* Problem requirements *
Keep the lines exact and the pictures out as you repeat the following listing.

* Exercise inputs *
════════════════════

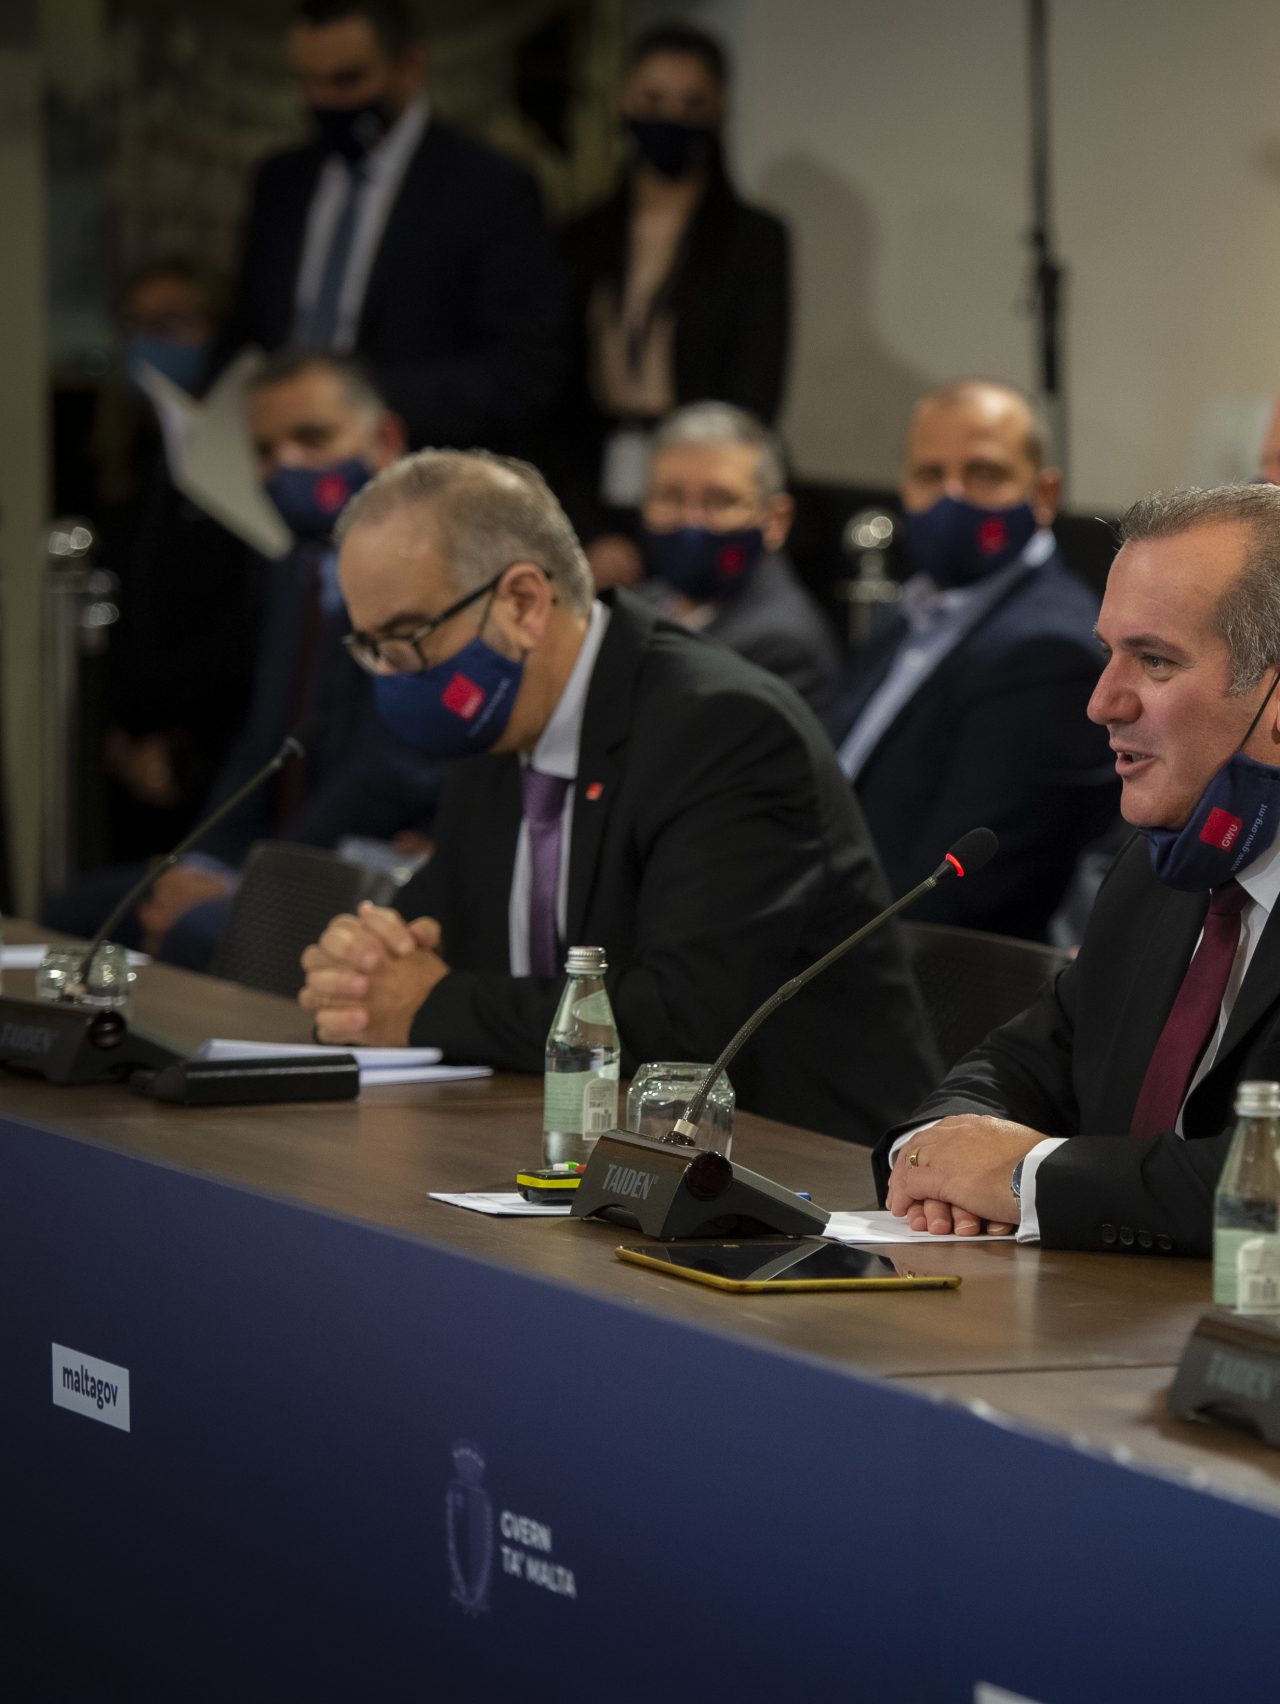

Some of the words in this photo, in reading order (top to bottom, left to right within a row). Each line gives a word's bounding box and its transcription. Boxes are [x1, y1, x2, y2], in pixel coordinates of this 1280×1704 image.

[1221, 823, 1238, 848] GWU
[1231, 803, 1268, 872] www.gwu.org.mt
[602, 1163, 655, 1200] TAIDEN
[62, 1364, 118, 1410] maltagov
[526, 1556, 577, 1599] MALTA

════════════════════

* Response area *
Some of the words in this photo, in reading order (top to bottom, left to right within a row). Each line gives a word's bounding box and its transcription. Boxes are [x1, y1, x2, y2], in pixel coordinates of this 1280×1704 image.

[1221, 823, 1238, 848] GWU
[1231, 803, 1268, 872] www.gwu.org.mt
[602, 1163, 655, 1200] TAIDEN
[62, 1364, 118, 1410] maltagov
[526, 1556, 577, 1599] MALTA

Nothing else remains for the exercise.